Ese encuentro fue el puntapié para que Brunenger decidiera sumarse a la colecta a través de sus transmisiones en vivo. Hasta entonces, la familia había logrado reunir unos 1800 dólares y la distancia con la silla de ruedas seguía siendo muy larga. 

"Mientras transmitía en vivo la gente iba donando y Bruno iba haciendo retos para recaudar en dólares", contó Mariano. Así es que a través de Mercado Pago y de la plataforma Pay Pal para las donaciones internacionales, se recaudaron otros 1500 dólares.

Fue entonces cuando Coscu (30), el streamer más famoso de la Argentina, que a fines del año pasado fue invitado por el propio Lionel Messi a compartir un asado en su casa de Barcelona,  entró en escena para donar el dinero restante.

"Lo estaba viendo en vivo y aparece Coscu y en un chat diciendo: yo pongo lo que falta", recuerda el joven que -algo incrédulo- buscó corroborar el gesto antes de ilusionarse. "Fui a Twitter y vi que Coscu en su cuenta oficial puso que iba a aportar lo que faltaba (2.200 dólares), ahí me puse a llorar". "Fueron muchos años de lucha y en menos de un mes conseguimos la silla de ruedas", afirmó emocionado.

Con el dinero reunido, esta semana se concretará la compra de la silla -cuyo valor en pesos es de 1.200.000- en una ortopedia del barrio porteño de Belgrano. 
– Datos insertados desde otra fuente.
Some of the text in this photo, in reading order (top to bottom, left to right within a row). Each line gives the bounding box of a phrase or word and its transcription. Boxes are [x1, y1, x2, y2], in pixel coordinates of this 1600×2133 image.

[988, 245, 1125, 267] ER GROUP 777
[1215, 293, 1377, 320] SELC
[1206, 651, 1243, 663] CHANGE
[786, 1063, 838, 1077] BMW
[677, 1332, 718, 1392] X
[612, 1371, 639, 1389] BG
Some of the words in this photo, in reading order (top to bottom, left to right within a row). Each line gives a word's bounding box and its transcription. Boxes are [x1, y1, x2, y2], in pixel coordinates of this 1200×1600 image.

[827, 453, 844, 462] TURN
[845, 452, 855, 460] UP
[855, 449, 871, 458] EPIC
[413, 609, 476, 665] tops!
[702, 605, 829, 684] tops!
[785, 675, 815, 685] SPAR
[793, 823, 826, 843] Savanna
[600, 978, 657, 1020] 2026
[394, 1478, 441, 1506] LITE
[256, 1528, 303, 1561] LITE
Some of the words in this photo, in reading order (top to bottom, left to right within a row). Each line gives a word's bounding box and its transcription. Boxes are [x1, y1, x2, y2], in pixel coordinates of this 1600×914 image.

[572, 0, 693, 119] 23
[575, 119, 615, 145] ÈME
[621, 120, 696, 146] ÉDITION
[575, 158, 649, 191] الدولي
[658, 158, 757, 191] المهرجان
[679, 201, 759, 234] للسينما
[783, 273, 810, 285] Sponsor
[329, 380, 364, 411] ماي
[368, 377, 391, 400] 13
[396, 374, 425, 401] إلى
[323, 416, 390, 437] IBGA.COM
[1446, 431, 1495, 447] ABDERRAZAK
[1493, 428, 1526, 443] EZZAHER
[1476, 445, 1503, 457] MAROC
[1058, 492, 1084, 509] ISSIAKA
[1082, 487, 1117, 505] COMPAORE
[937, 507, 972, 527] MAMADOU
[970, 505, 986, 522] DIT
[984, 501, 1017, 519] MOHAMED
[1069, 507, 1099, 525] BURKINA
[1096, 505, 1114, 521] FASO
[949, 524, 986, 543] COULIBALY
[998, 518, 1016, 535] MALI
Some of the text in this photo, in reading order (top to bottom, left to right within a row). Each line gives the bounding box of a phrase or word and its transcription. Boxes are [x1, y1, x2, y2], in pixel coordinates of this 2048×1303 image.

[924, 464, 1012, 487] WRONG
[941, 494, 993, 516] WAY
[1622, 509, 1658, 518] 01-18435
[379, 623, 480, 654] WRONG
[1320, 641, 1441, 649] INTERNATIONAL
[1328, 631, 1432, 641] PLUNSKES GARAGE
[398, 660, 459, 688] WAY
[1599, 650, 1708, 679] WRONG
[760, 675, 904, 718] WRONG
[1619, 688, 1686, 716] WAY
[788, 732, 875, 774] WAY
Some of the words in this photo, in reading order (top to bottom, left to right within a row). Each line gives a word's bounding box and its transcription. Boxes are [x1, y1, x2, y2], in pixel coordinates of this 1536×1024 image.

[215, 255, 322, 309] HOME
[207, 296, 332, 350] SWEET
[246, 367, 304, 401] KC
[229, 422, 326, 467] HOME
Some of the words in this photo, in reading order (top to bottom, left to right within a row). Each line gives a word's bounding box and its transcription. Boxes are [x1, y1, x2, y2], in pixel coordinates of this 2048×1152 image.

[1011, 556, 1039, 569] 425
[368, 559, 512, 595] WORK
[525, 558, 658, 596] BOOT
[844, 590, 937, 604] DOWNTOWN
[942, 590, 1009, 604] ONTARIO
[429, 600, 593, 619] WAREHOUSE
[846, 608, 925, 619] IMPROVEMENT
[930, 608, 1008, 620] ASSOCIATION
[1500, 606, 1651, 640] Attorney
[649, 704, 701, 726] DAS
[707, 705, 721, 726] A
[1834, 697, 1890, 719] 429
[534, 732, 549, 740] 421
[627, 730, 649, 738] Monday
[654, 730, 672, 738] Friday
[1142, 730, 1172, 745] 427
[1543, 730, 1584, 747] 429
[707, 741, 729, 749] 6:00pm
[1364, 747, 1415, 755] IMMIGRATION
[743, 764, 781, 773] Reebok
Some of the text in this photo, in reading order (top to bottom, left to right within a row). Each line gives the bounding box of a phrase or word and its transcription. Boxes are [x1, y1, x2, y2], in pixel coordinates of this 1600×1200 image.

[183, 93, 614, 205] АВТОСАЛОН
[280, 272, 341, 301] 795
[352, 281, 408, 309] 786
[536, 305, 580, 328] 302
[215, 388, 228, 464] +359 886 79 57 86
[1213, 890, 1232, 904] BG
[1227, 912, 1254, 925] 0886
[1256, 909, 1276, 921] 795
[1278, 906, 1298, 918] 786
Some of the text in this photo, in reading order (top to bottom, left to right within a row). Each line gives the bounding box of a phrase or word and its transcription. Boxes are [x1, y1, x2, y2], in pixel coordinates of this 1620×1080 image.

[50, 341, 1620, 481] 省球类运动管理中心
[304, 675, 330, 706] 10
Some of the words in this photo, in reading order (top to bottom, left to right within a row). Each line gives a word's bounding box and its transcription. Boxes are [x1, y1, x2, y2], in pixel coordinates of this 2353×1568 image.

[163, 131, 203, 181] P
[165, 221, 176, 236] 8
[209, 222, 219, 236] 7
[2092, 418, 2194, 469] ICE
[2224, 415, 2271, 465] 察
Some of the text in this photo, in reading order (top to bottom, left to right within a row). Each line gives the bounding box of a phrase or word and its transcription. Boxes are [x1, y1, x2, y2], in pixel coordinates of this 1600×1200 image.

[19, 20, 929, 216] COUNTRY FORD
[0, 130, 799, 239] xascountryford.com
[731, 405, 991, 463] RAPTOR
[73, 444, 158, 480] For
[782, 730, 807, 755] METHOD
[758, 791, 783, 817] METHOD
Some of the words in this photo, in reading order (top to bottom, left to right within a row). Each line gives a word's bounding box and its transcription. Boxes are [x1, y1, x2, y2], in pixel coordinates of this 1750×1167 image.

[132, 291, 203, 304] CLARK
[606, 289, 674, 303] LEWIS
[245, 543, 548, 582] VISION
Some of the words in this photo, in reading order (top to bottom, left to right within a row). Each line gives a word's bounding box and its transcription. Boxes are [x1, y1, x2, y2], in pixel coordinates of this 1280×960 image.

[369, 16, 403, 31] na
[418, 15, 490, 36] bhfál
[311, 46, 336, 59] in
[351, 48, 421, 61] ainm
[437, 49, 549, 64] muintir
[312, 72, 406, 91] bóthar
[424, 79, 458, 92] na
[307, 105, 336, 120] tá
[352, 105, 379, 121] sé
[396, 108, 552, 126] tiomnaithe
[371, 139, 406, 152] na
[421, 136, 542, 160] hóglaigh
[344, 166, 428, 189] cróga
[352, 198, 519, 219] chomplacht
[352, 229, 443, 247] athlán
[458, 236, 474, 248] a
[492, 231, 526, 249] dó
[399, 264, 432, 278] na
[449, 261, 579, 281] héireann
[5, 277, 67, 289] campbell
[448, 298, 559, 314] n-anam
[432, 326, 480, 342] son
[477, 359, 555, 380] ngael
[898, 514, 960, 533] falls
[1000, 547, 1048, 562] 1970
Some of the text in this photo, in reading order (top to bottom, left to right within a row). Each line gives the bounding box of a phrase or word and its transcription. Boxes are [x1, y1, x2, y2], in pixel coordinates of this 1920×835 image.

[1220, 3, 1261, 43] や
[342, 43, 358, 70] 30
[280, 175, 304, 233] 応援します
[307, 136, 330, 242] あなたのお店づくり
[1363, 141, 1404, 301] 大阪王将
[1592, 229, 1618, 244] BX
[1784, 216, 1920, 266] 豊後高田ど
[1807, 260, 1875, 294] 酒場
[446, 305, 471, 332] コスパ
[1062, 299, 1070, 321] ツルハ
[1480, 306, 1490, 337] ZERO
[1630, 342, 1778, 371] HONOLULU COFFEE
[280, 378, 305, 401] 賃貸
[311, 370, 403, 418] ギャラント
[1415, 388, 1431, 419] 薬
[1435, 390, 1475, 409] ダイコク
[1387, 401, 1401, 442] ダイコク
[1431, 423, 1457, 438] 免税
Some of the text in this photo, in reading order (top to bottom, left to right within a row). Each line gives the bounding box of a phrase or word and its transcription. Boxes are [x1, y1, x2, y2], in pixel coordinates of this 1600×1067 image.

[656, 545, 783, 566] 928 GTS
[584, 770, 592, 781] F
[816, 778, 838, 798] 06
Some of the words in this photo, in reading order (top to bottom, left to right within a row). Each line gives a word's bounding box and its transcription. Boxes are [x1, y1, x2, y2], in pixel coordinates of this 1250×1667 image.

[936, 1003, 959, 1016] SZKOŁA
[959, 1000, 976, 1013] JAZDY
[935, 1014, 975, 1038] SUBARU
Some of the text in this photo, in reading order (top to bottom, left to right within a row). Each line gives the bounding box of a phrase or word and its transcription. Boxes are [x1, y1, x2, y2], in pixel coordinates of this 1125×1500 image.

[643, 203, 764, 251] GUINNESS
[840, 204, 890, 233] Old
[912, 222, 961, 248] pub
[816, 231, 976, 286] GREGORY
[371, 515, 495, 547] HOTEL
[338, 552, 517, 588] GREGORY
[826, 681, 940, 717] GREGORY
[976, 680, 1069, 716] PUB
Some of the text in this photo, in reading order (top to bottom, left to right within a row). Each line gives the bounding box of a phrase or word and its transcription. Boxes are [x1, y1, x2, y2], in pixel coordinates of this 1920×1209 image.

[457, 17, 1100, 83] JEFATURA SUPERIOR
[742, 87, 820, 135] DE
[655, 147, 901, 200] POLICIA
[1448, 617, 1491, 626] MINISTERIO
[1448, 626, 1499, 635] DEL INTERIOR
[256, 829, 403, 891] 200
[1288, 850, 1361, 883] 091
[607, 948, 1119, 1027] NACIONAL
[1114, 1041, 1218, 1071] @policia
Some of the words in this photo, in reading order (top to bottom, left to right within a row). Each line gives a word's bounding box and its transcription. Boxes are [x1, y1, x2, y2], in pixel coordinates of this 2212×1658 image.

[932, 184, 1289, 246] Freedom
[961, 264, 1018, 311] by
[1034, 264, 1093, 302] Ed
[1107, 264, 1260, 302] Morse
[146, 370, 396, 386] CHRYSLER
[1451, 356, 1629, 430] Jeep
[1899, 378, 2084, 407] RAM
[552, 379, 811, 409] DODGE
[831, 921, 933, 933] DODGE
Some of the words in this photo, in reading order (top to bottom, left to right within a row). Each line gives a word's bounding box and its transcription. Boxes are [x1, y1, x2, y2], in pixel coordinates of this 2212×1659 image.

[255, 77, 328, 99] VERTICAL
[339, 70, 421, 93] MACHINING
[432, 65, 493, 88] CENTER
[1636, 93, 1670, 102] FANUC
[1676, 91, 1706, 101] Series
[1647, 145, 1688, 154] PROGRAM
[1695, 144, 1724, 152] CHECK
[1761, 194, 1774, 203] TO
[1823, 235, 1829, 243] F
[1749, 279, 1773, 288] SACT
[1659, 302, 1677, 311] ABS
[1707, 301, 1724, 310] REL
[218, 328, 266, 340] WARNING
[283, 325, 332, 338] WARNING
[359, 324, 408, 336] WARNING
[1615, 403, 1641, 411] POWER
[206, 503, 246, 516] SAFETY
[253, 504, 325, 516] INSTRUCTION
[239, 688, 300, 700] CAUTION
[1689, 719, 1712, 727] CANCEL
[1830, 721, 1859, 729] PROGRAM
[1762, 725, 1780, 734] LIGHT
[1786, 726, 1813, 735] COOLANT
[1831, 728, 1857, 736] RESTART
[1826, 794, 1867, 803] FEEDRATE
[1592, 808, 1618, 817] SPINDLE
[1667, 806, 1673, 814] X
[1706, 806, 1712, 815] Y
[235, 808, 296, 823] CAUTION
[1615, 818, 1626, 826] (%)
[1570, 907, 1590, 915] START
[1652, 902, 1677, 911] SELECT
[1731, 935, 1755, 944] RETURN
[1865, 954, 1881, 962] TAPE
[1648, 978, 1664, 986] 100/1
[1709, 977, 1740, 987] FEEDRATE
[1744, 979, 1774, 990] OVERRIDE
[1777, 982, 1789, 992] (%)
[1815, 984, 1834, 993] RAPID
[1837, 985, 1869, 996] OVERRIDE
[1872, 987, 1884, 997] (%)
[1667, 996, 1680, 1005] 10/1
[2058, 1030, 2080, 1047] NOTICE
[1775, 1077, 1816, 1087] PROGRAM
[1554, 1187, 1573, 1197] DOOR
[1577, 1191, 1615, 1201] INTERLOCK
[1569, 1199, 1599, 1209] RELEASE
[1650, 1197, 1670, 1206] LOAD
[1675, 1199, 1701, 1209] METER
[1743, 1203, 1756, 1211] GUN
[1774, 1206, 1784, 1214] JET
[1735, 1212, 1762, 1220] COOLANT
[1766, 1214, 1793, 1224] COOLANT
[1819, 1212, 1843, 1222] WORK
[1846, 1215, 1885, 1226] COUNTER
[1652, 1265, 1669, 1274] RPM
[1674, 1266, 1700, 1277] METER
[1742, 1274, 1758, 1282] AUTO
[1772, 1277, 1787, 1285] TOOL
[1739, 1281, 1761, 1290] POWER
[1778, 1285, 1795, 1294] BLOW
En cuanto a las características del aparato, Mariano destaca que "es motorizada y es a medida, yo mido 1,80, tengo las piernas muy largas y peso 50 kilos, tiene que tener almohadones anti escaras, y también se hace cama". 

"Esto es el comienzo para mi", anticipó, para agregar que "ahora voy a pelear por otra silla que me permita salir a pasear, por tener un ayudante terapéutico y porque me asfalten la calle". 

Sobre el último punto, señaló que si bien la mayoría de las arterias de su barrio están pavimentadas, no ocurre lo mismo con la de su casa, la calle Mercedes de las Carreras, lo que le dificulta poder salir de su hogar. 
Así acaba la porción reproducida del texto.